= AVAILABLE DATA =

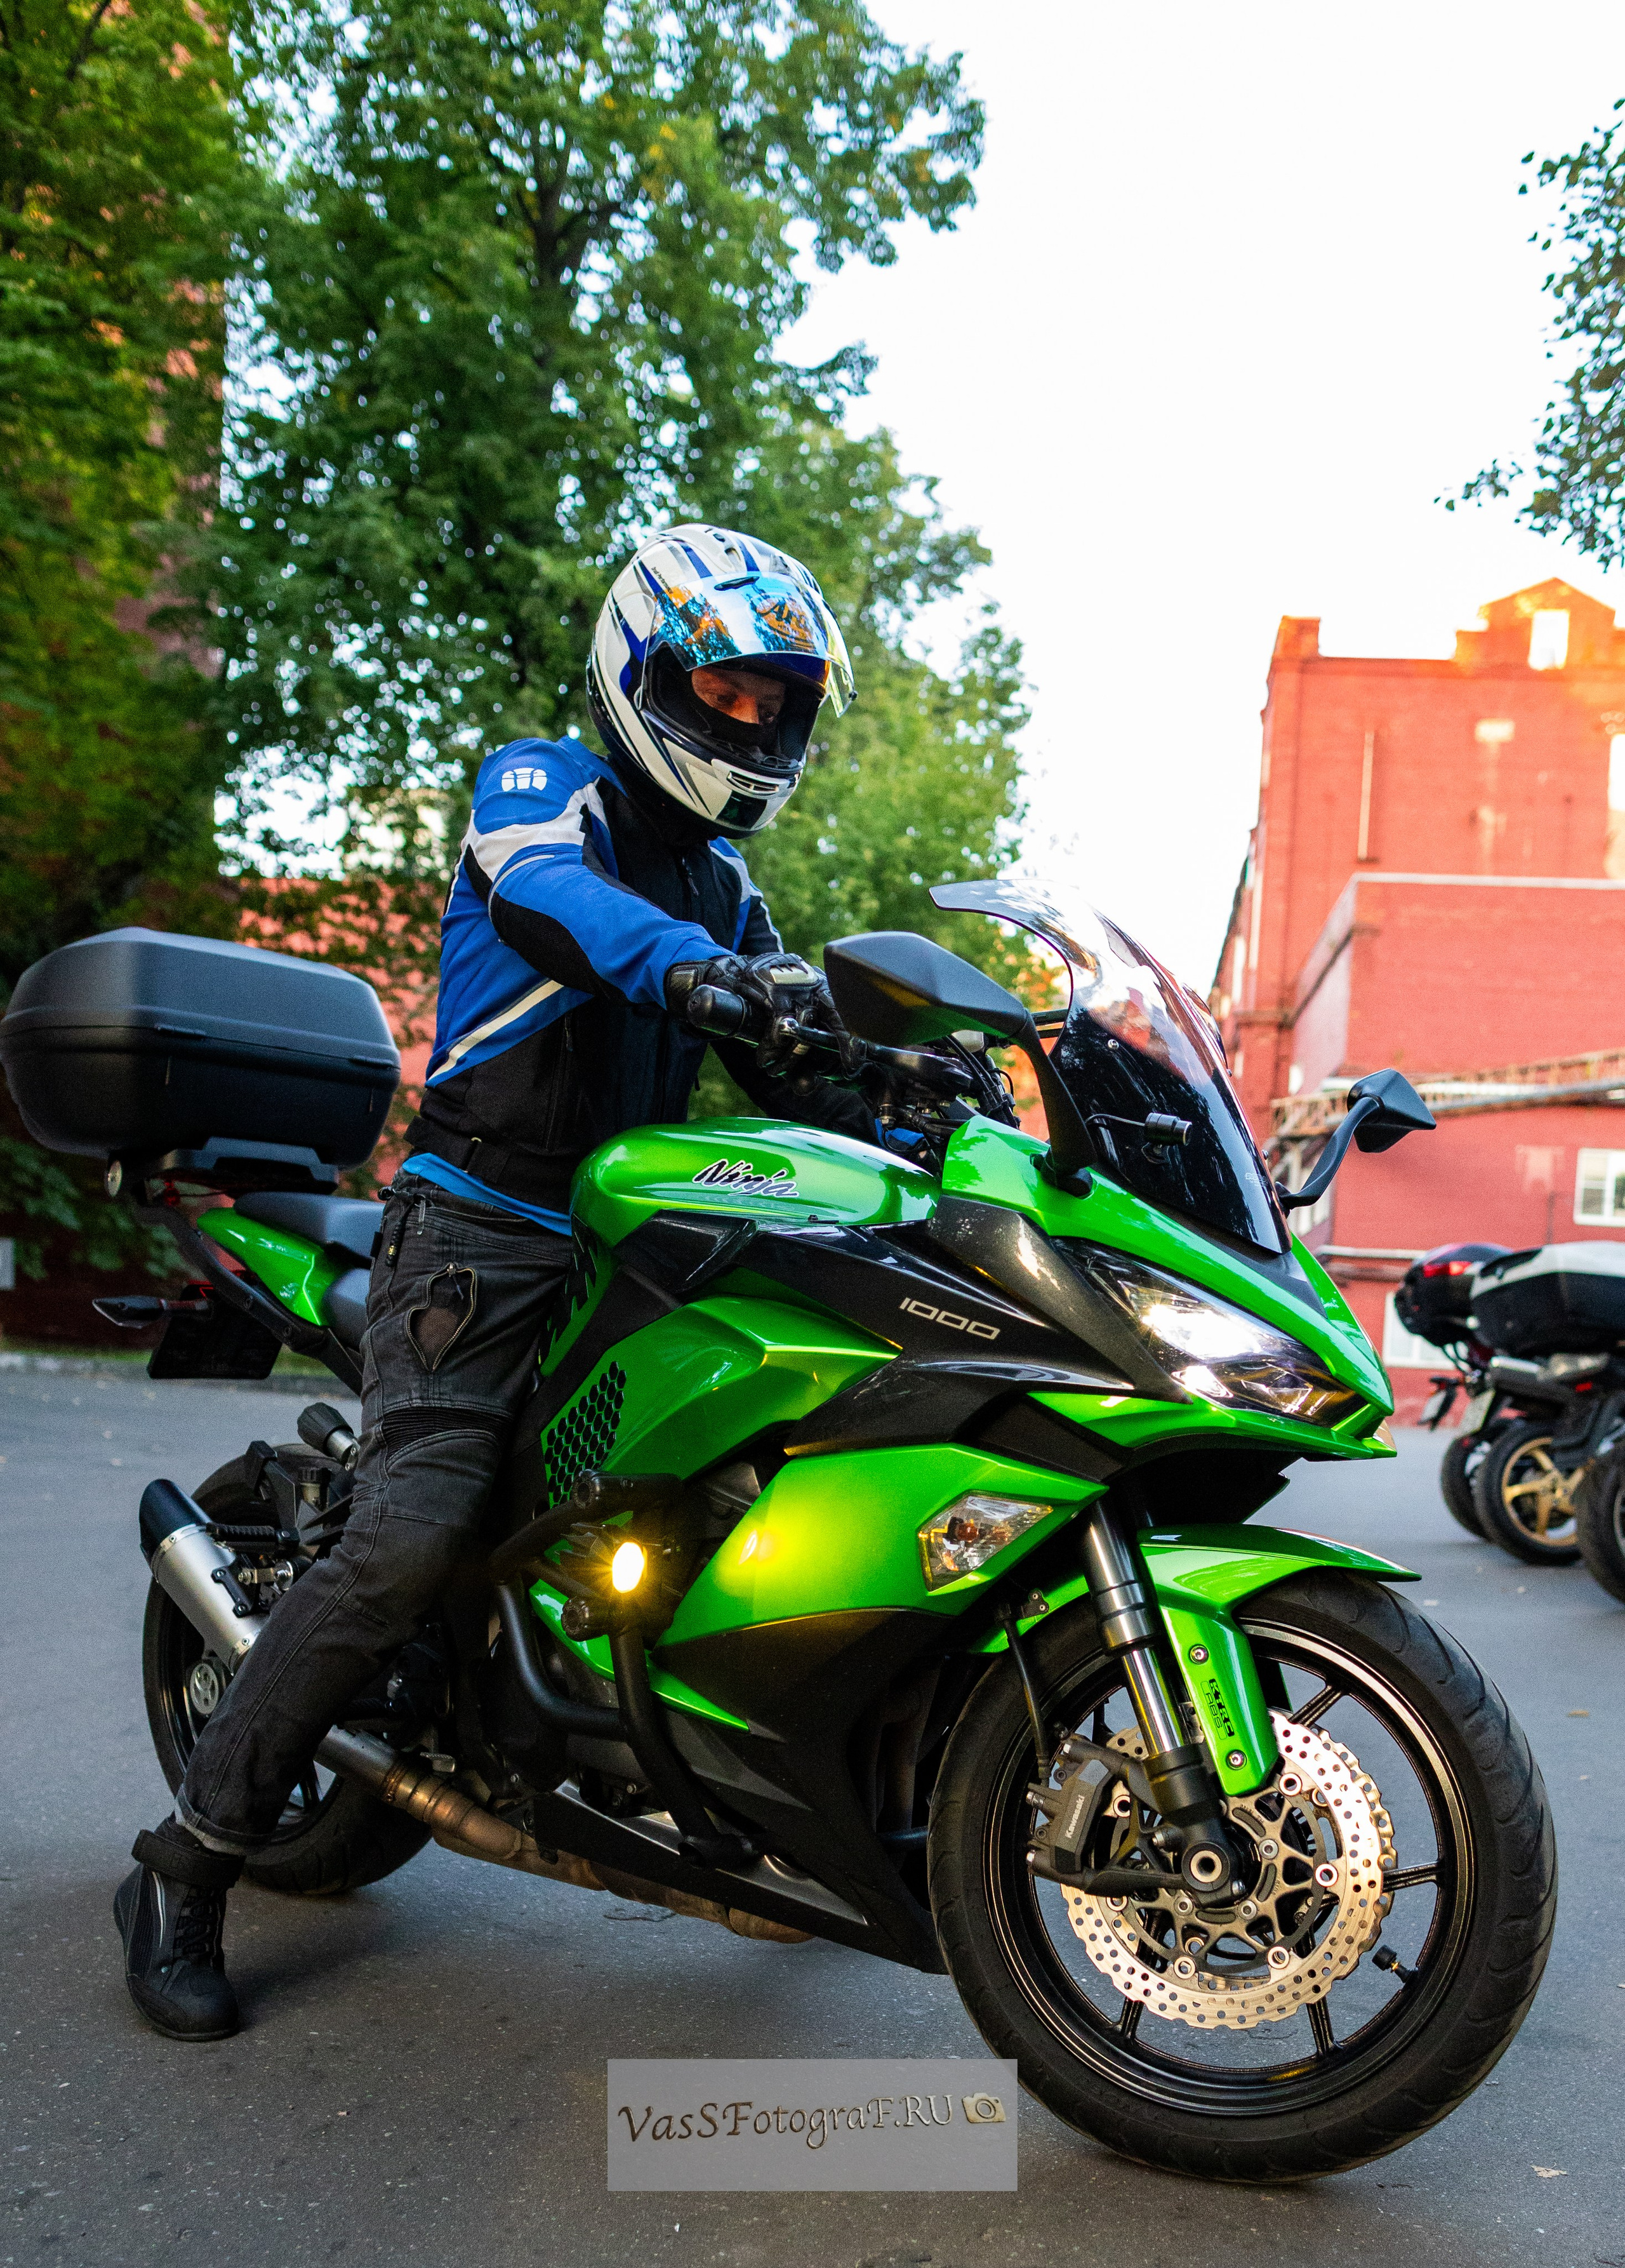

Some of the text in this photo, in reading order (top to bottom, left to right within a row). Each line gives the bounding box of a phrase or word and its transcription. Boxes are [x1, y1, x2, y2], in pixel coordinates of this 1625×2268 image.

[693, 1159, 799, 1196] Ninja
[899, 1297, 1000, 1340] 1000
[1205, 1692, 1223, 1729] ABS
[1209, 1680, 1234, 1734] KTRC
[1065, 1794, 1085, 1838] Kawasaki

= ABOUT THIS EXERCISE =
In your answer, set down the full listing word for word and include no pictures.

= TASK OUTPUT =
Some of the text in this photo, in reading order (top to bottom, left to right within a row). Each line gives the bounding box of a phrase or word and its transcription. Boxes are [x1, y1, x2, y2], in pixel coordinates of this 1625×2268 image.

[693, 1159, 799, 1196] Ninja
[899, 1297, 1000, 1340] 1000
[1205, 1692, 1223, 1729] ABS
[1209, 1680, 1234, 1734] KTRC
[1065, 1794, 1085, 1838] Kawasaki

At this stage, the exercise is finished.